3-D-Zebrafischschwanz-Explantierungen Lassen Sie uns die Transparenz von Zebrafischembryonen während der Somite-Entwicklung und Wirbeltiersegmentierung in vollem Umfang nutzen. Füllen Sie ein leeres Paarungsbecken mit Fischsystemwasser. Reinigen Sie das Sieb mit Systemwasser.
Erhöhen Sie die Barrieren zwischen paarenden Paaren. Bewegen Sie das Fischpaar selektiv in den Süßwassertank. Sammeln Sie Embryonen im Sieb durch Wassertransfers mit einem leeren Tank.
Die gesammelten Embryonen mit Fischsystemwasser abspülen und auf eine Petrischale drehen. Ethanol-Glasur-Dissektionswerkzeuge. Erstellen Sie zwei Schichten von Bändern auf Dias.
Schneiden Sie die horizontalen Seiten tiefer Kammern ab. Komplette Kammerschnitte mit vertikalen Seiten. Ziehen Sie das Klebeband von der Kammeroberfläche ab.
Zellkulturmedien in eine Röhrchen gießen. Mischen Sie Calciumchlorid 2,8 Millimolar Endkonzentration. Fügen Sie eine antibiotische Lösung hinzu.
Aliquot Dissektionsmedien in einer separaten Röhre. Ergänzen Sie das fetale Rinderserum, um Gewebekulturmedium zu machen. Embryonen mit Nadeln entkorrieren.
Spülen Sie die Embryonen in einer Süßwasserschale aus und sammeln Sie sie zur Explanting. Stabilisieren Sie den Embryo mit der Nadel und beginnen Sie mit dem Entjochen. Schneiden Sie die übrig gebliebenen Gewebe ab.
Übertragen Sie die Explants auf den Coverlip. Das Gewebe abflachen und überschüssige Medien mit Pipette heraussaugen. Legen Sie den Abdeckr auf das Wachstumsmedium, das die Gleitkammer enthält.
Legen Sie das Explantgewebe auf ein Gewebetuch. Tragen Sie Tauchöl auf das Objektiv auf. Montieren Sie die Objektträgerkammer auf dem Mikroskop.
Passen Sie die Laserkanäle für die Bildaufnahme an. Überprüfen Sie die Z-Layer-Grenzwerte der Probe. Setup-Time-Imaging und Z-Layer.

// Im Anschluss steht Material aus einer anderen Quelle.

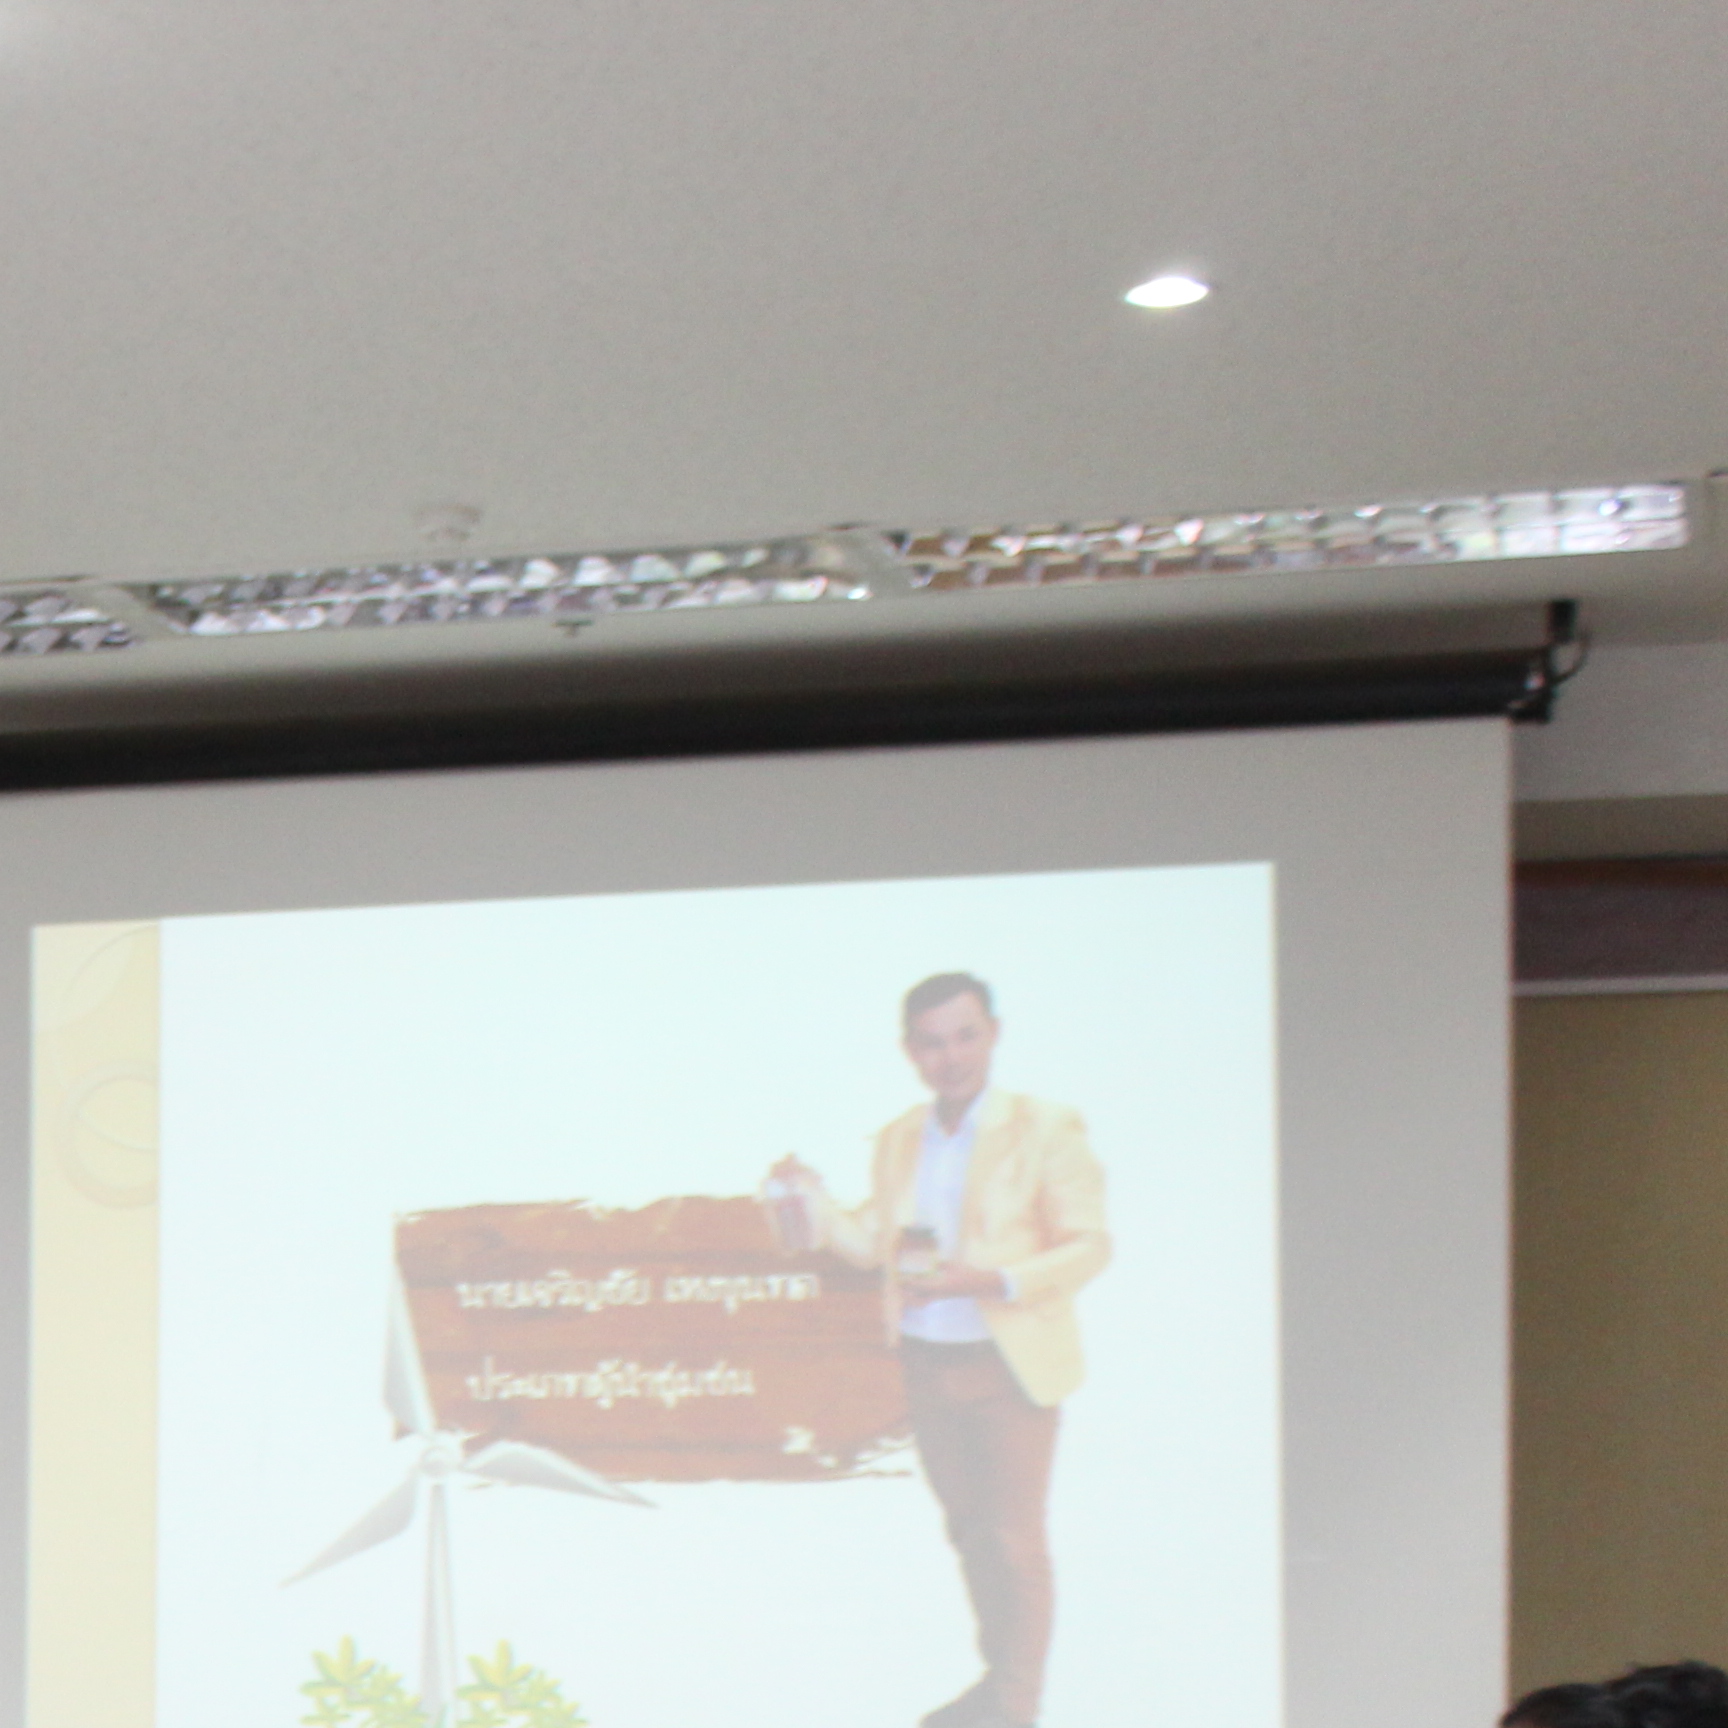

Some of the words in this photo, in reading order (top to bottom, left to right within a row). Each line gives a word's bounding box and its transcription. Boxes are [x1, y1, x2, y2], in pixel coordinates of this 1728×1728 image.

[464, 1354, 757, 1409] ประเภทผู้นำชุมชน
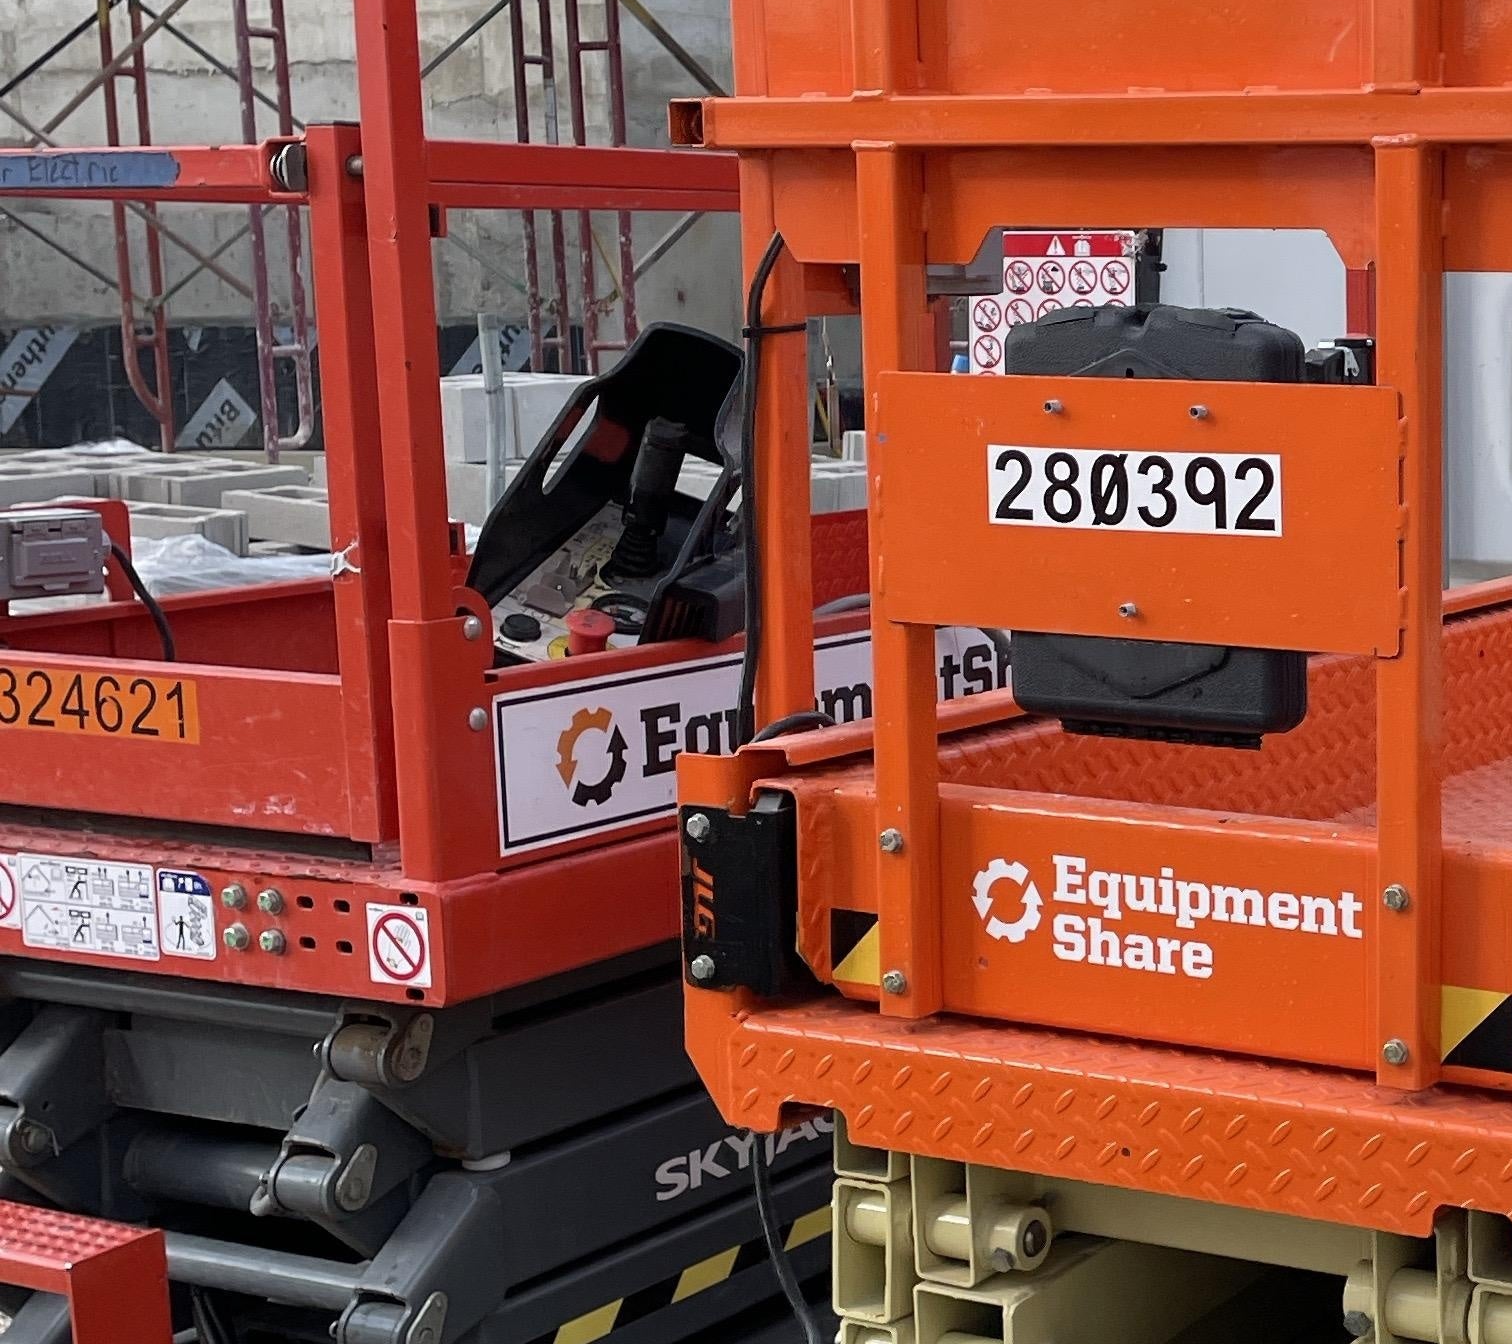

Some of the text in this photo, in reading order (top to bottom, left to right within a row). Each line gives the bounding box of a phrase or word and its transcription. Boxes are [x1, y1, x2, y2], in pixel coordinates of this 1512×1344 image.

Das 3D-Schwanzexplantierungssystem hält die Zellintegration in die Schwanzknospe und die überschüssige Dehnung wie ganze Embryonen intakt. Es ist auch möglich, eine übermäßige Dehnung zu stoppen, indem die Oberfläche chemisch mit Kollagen typ eins aktiviert wird. Das 3D-Zebrafischschwanz-Explants-System ermöglicht es uns, die Transparenz von Zebrafischembryonen zu nutzen, indem wir hochauflösende und nahezu objektive Mikroskopiebilder aufnehmen können.
Darüber hinaus können wir den Überschuss an Dehnung von der Morphogensignalisierung entkoppeln und auch die Morphogensignalquellen mit einfachen Dissektionsmethoden steuern.